There are common verbs built into the engine for actions such as:

  • drop an item
  • hit an enemy
  • look at an entity
  • move to another room
  • take an item
  • use an item
  • wait the turn

Meta Commands

There are some meta commands that are handled by the state service, rather than actor scripts.

  • create
    • create a new world from the template
  • debug
    • print the world state to output
  • graph
    • print the world state to path in graphviz format
  • help
    • list common and meta commands
  • load
    • load the world state from a path
  • save
    • save the world state to a path
  • quit

World Commands

World entities may define their own contextual verbs, which can be invoked normally through input.

Entities

Actor Entity

TODO: explain actors

Item Entity

TODO: explain items

Portal Entity

TODO: explain portals

Room Entity

TODO: explain rooms

Events

The entire engine is event-driven, with intentionally little direct coupling between services. Some operations are too trivial to bus, like translating a string, but any significant change to game state should be sent as an event.

Event Flow: Creating a New World

When the player sends a create command, generate a new world and inform the actor service, which will automatically join the loaded world.

flowchart with actor joining local world

Event Flow: Loading an Existing World

When the player sends a load command, the path is passed on to the loader, which responds with the loaded state and triggers the auto-join sequence (shown in the create event flow).

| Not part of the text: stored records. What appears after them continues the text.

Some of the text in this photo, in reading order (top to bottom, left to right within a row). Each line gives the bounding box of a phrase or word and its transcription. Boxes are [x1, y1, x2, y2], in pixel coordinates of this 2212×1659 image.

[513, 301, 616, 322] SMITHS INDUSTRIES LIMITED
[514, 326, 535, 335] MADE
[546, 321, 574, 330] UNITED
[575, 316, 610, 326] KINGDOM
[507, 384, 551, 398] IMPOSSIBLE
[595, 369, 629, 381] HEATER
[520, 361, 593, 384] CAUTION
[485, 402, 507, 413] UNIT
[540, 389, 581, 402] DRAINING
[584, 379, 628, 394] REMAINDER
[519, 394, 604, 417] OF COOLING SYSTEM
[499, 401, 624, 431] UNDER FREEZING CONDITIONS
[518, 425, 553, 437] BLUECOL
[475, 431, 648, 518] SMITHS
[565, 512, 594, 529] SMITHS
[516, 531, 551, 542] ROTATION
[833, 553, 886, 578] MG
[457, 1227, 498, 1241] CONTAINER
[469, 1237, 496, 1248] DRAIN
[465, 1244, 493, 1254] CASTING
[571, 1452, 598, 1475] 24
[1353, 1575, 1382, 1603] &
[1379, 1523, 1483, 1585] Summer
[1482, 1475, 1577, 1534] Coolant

flowchart with player input being processed locally

Event Flow: Command with Local State

When the player submits a world command, it is parsed into commands and triggers a state step, processed locally.

flowchart with player input being processed locally

Event Flow: Command with Remote State

When the client is connected to a remote state service, with a corresponding remote actor on the server-side, the command flow is similar but extended. Notably, localization occurs on the client-side after output has been returned, one reason for having actor services on both sides.

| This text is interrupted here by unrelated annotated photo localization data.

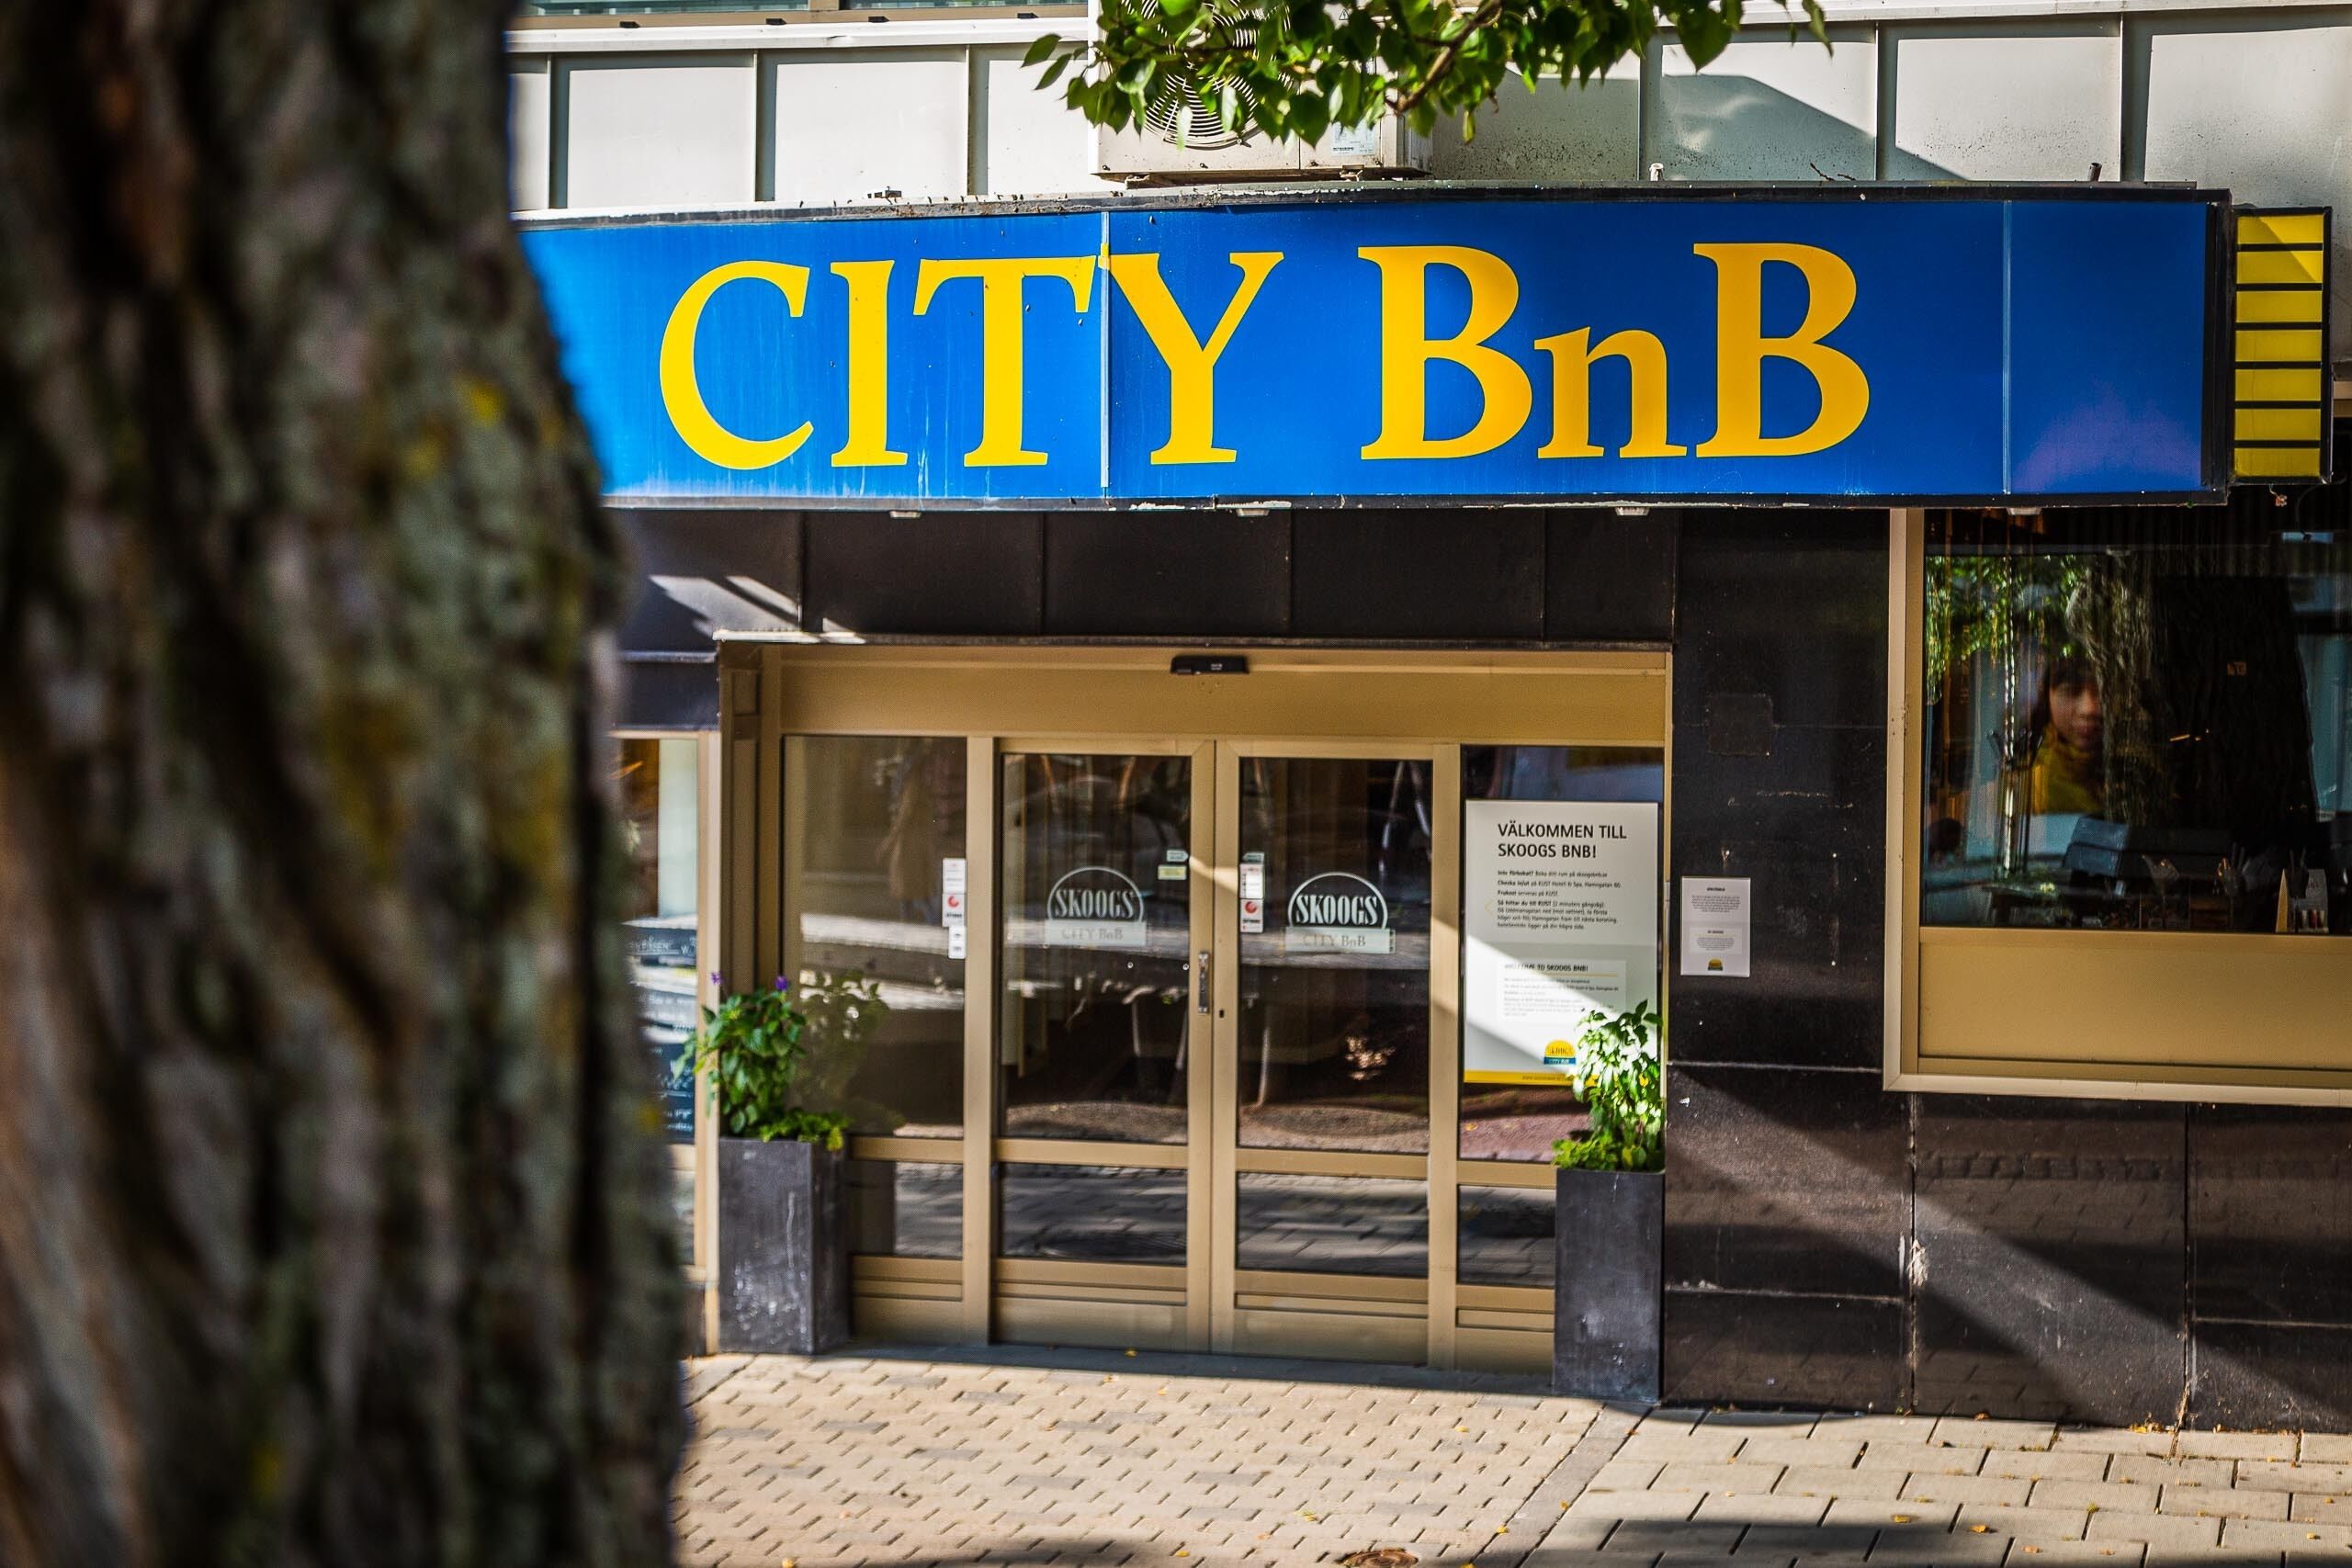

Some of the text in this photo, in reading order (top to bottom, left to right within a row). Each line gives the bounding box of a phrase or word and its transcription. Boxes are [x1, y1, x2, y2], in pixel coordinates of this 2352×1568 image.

[659, 243, 1871, 470] CITY BnB
[1498, 819, 1627, 840] VÄLKOMMEN TILL
[1498, 843, 1597, 858] SKOOGS BNB!
[1055, 888, 1135, 918] SKOOGS
[1295, 894, 1378, 925] SKOOGS
[1341, 934, 1366, 948] BnB

flowchart with player input being sent to remote server

Modules

Modules are dependency injection groups, binding a related set of services.

Browser Module

Provides:

  • browser-fetch-loader
  • browser-local-loader
  • browser-page-loader
  • browser-dom-render

Core Module

Binds:

  • LocalCounter
  • NodeEventBus
  • NextLocale
  • YamlParser
  • AleaRandom
  • LocalScript
  • ChainTemplate
  • WordTokenizer

Provides:

  • core-behavior-actor
  • core-player-actor
  • core-local-state
  • core-compromise-tokenizer
  • core-split-tokenizer

Node Module

Provides:

  • node-file-loader
  • node-fetch-loader
  • node-ink-render
  • node-line-render

Services

Please see the services doc for details on what each service does. The list is too long to include here.

Scripts

Events in the world are processed by scripts attached to the entity performing the action. Scripts may be invoked on a single target entity or broadcast to an entire room, and take a context with field for some (optional) primitive data.

Script Target (this)

The entity on which the script is being invoked. Always a world entity.

Script Context

A context is prepared whenever a script is invoked, with the target (entity upon which the script has been invoked), any data that was provided, and some helpers that provide safe ways to mutate the game state.

Scope Data

The context contains a data field, suitable for passing in non-nested numbers and strings.

TODO: support custom template data for scripts

Signal Scripts

Signals are named events on an entity, linked to (named) scripts.

Verb Scripts

Verbs are custom commands, which invoke a slot with some additional data.